O predador natural da psique

O desenvolvimento de uma relação com a natureza selvagem é uma parte essencial da individuação da mulher. Para que isso possa se realizar, a mulher precisa penetrar nas trevas, mas ao mesmo tempo não pode cair irreparavelmente numa armadilha, ser capturada ou morta seja no caminho de ida seja no de volta.

A história do Barba-azul fala desse carcereiro, o homem sinistro que habita a psique  de  todas  as  mulheres,  o  predador inato.  Ele  é uma força específica e indiscutível que precisa ser contida e mantida na memória. Para conter o predador natural da psique, é necessário que as mulheres permaneçam de posse de todos os seus poderes instintivos. Alguns deles são o insight, a intuição, a resistência, a tenacidade no amor, a percepção aguçada, o alcance da sua visão, a audição apurada, os cantos sobre os mortos, a cura intuitiva e o cuidado com seu próprio fogo criativo.


Na interpretação psicológica, recorremos a todos os aspectos do conto de fadas para nos ajudar a representar o drama interno à psique de uma única mulher. O Barba-azul simboliza um complexo profundamente recluso que fica espreitando às margens da vida da mulher, observando, à espera de uma oportunidade para atacar. Embora ele possa se apresentar simbolicamente de modo semelhante ou diferente nas psiques masculinas, ele é um inimigo ancestral e contemporâneo dos dois sexos.

É difícil compreender totalmente a força do Barba-azul por ser ela inata, ou seja, inerente a todos os seres humanos desde o instante do nascimento e, nesse sentido, não ter origem consciente. No entanto, creio que temos uma pista de como sua natureza se desenvolveu no pré-consciente dos seres humanos, pois na história o Barba-azul é chamado de “mágico fracassado”. Por essa ocupação, ele se relaciona com outros contos de fadas que também retraíam o predador maligno da psique como um mago de aparência bastante normativa, mas imensamente destrutiva.

Usando-se essa descrição como um fragmento de arquétipo, podemos compará-la com o que sabemos de feitiçaria fracassada ou de força espiritual fracassada na história dos mitos. O grego Ícaro voou perto demais do sol e suas asas de cera derreteram, lançando-o de volta à terra. O mito do povo zuni “O menino e a águia” fala de um menino que teria passado a pertencer ao reino das águias, não fosse por ele imaginar que poderia desrespeitar as leis da Morte. Enquanto ganhava altitude pêlos céus, seu manto de águia emprestado foi arrancado e ele caiu cumprindo seu triste destino. Na mitologia cristã, Lúcifer reivindicou igualdade com Jeová e foi expulso para o inferno.
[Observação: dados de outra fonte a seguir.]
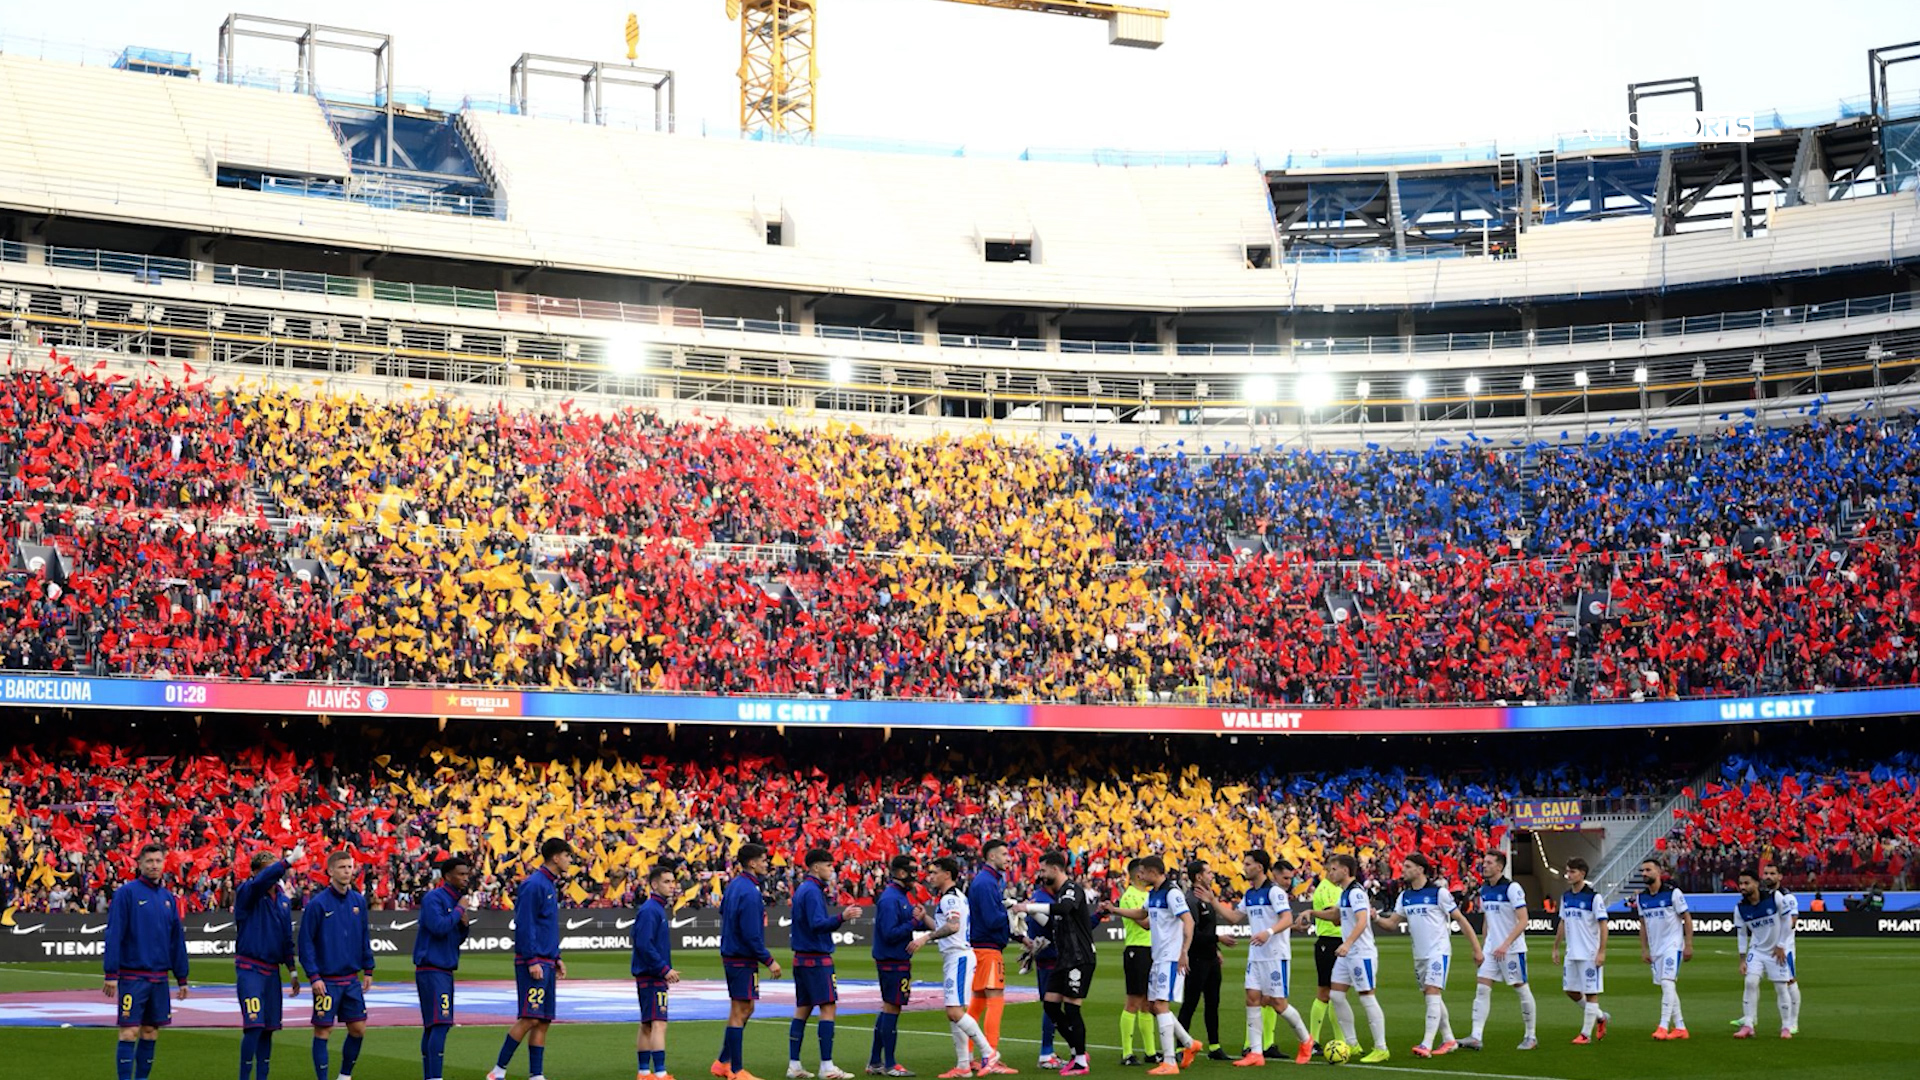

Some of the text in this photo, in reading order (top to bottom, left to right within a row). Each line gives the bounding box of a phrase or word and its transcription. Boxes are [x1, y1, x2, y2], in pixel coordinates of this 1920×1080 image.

[5, 679, 92, 701] BARCELONA
[165, 684, 206, 703] 01:28
[307, 687, 361, 709] ALAVÉS
[460, 697, 509, 708] ESTRELLA
[1720, 699, 1815, 719] UN CRIT
[738, 703, 831, 721] UN CRIT
[1221, 712, 1303, 728] VALENT
[1515, 801, 1581, 818] LA CAVA
[122, 994, 133, 1011] 9
[315, 995, 333, 1011] 20
[441, 994, 450, 1009] 3
[528, 988, 545, 1004] 22
[245, 997, 261, 1013] 10
No folclore há uma série de aprendizes de feiticeiros que ousaram ingenuamente se aventurar além do nível real de seus conhecimentos ou que tentaram transgredir a Natureza. Foram punidos com ferimentos ou cataclismos.
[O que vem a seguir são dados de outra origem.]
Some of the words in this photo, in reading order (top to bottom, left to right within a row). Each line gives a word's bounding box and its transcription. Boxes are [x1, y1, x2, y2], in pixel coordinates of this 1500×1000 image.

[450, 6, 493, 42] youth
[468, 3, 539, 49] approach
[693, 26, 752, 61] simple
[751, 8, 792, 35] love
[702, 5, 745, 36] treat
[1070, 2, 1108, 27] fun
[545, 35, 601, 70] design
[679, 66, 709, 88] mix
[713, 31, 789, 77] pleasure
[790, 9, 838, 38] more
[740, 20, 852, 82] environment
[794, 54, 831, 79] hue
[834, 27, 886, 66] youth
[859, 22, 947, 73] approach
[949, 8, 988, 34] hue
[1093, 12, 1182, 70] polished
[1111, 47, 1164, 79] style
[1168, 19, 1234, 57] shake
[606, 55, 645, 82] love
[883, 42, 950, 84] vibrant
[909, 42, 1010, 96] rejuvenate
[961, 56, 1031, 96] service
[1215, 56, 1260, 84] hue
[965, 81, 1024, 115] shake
Enquanto examinamos esses leitmotive, vemos que os predadores neles retratados desejam a superioridade e o poder sobre os outros. Eles sofrem de uma espécie de inflação psicológica pela qual desejam ser mais sublimes do que o Inefável, tão importantes quanto ele e iguais a ele. Esse Inefável é aquele que por tradição distribui e controla as forças misteriosas da Natureza, incluindo-se os sistemas da Vida e da Morte e as leis da natureza humana, e assim por diante.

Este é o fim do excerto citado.